I just don't see how the author can, with a straight face, compare
a "bloating" sensation to kwashiorkor. Garbage!

Your taking my comment out of context is also unappreciated.

By trying to talk people out of exercise because they are "exercise-
impaired" you can deprive people of a very valuable thing. If you
have two working legs and no other serious health problem other than
obesity, chances are, you can at least *walk*. People don't need
more excuses to avoid exercise.

Quote:

>In my introduction to Adiposity 101 I warned that the paper was
>little more than an outline.  The refrences must be read
>to get a reasonable understanding of the relevant biology.

>If Brian had followed the reading recommendations in Adiposity
>101, he would have discovered that the former director of the
>Nutrition and Lipid Clinic at The Mayo Clinic, former director
>of the George Washington University Medical Center Center for
>Clinical Nutrition, who has held prominent positions with the
>U.S. Department of Helth and Human Services, and the National
>Institutes of Health warned that combining dieting and exercise
>can exacerbate dieting's harmful side effects.
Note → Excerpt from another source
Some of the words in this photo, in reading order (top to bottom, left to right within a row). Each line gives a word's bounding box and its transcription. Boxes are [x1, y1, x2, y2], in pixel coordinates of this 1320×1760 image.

Credentials-dropping is a sure sign that someone is full of hot
air.

Even if this person is saying this, there are hundreds of other
"authorities" who are advocating exercise. You do no-one a service
by putting down exercise.

Brian



Sat, 06 Aug 1994 00:45:03 GMT
 Adiposity 101 (Part 2 of 2)

Quote:

>>IMO, questions about calorimetric technique tend to miss the
>>central question.  The fine points of calorimetric technique
>>become less important when some individuals can consume 4000
>>kcal/day without fat gain and others get fatter on 800 a day.
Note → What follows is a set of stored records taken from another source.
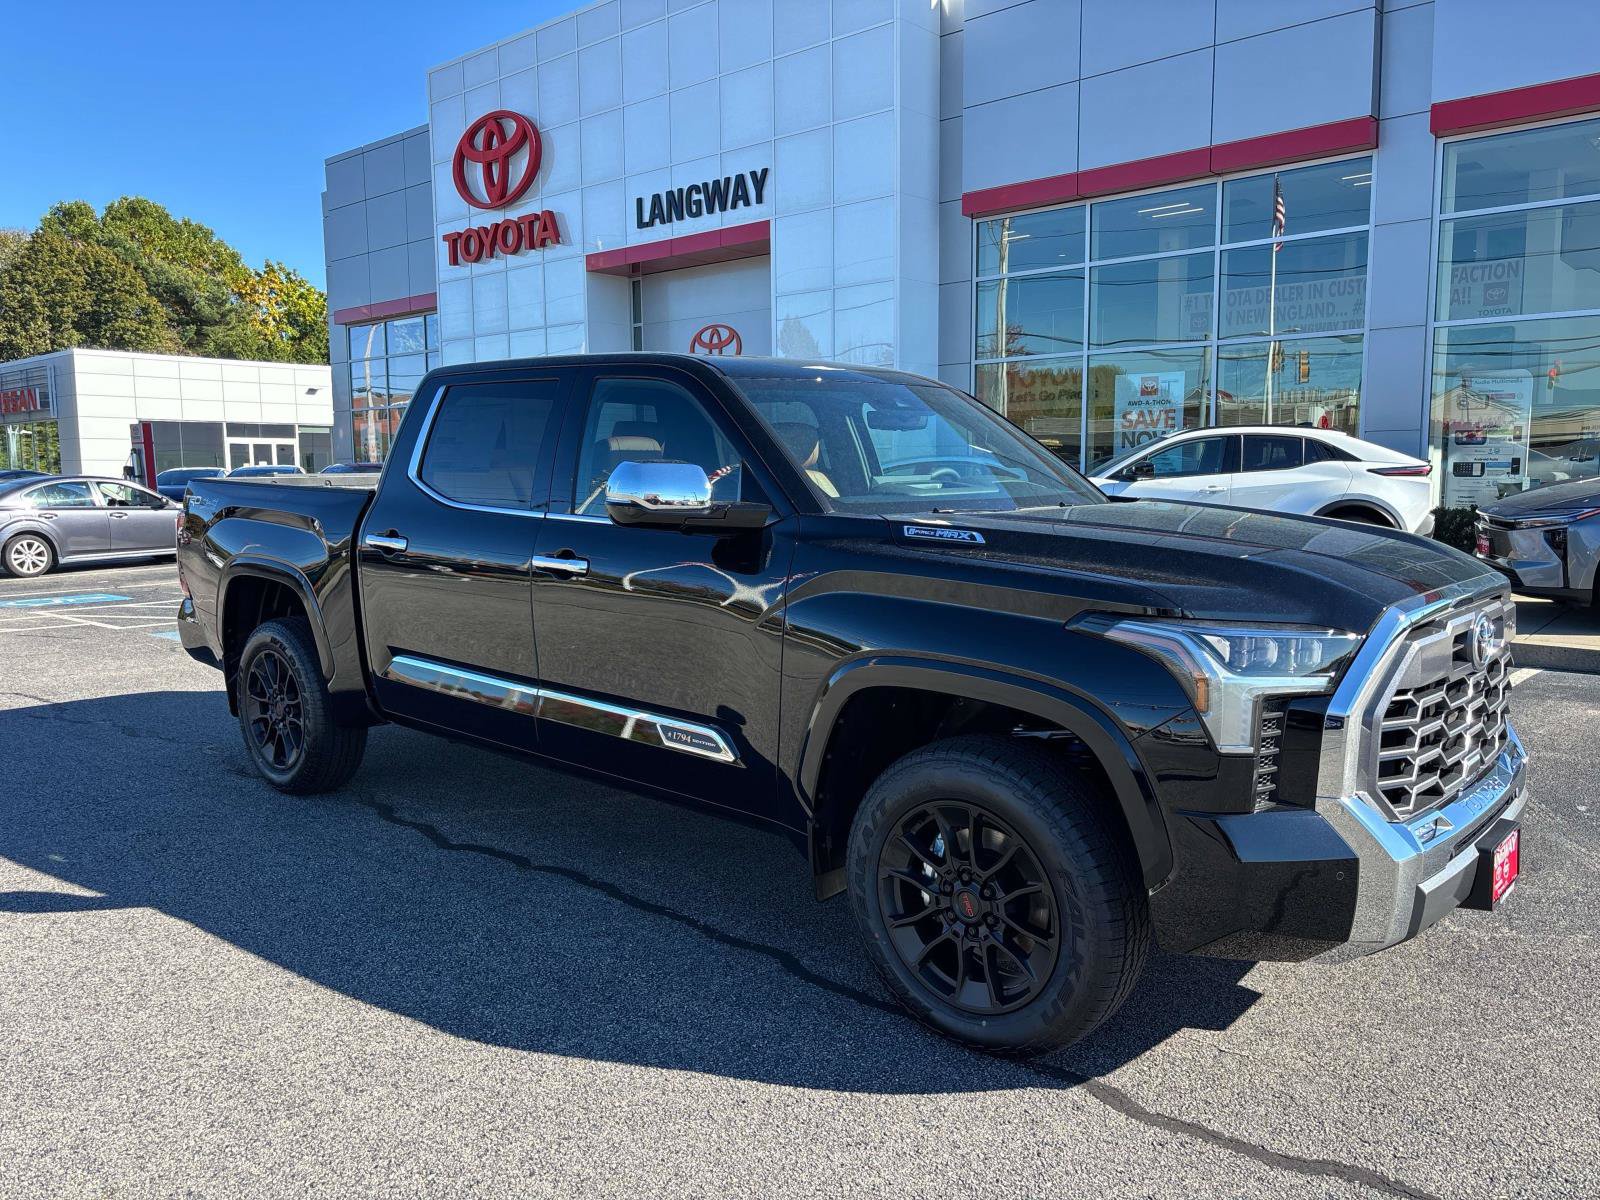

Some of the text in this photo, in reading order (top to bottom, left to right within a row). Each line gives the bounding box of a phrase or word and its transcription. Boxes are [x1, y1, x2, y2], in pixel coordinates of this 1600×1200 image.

[636, 168, 769, 228] LANGWAY
[443, 210, 561, 266] TOYOTA
[1451, 261, 1520, 284] FACTION
[1308, 283, 1324, 301] IN
[1236, 308, 1265, 325] NEW
[1478, 307, 1512, 317] TOYOTA
[1038, 390, 1056, 401] Go
[1121, 408, 1176, 429] SAVE
[935, 528, 971, 540] MAX
[673, 731, 691, 743] 1794
[962, 895, 974, 917] TRD
>>The essential problem in obesity is that the obese body
>>partitions too much of the available energy to the production
>>and maintenance of adipose tissue.

>But you have to understand, if the thin body does not produce
>adipose tissue with the excess calories, they have to go off
>as heat.  We need data on that, which the calorimetry will
>provide.  We need to find out how to make the fat bodies do that too.

>>  As with the thin body, the
>   ^^^^^^^^^^^^^^^^^^^^^
>>obese body normally regulates its weight with remarkable
>>precision.  How precise?  Less than a pat of butter per day.

>But a pat of butter a day is not good enough.  The thin body does
>much, much better.  In fact it regulates perfectly.  At the time
>I weighed 335 lbs, I calculated, based on charts of my weight,
>that I got that way by eating less than 100 cal/day in excess of
>my needs over a period of 15 years.  There is no way I could intellectually
>regulate my diet that closely.  It has to be done physiologically.

That is what SET POINT is all about.

Quote:
>>When an obese person goes on a diet, his/her metabolism drops
>>soon after.  The rat experiment mentioned in Adiposity 101
>>found that most of this metabolic retardation was not caused by
>>loss of lean tissue.   Metabolism remain depressed until after
>>the weight was regained.

>Other experiments plus human studies (and my own experience) contradict
>this.  In my own experience, the metabolism comes back as soon as
>weight gain gets rolling, not after the weight is regained.

What other experiments?  Did those experiments use geneticically
obese subjects?  How about some references already?

Quote:

>>Energy restriction for weight control has been the subject of
>>scientific study for over 60 years.  Energy restriction has
>>cured neither fat rats nor fat humans of their affliction.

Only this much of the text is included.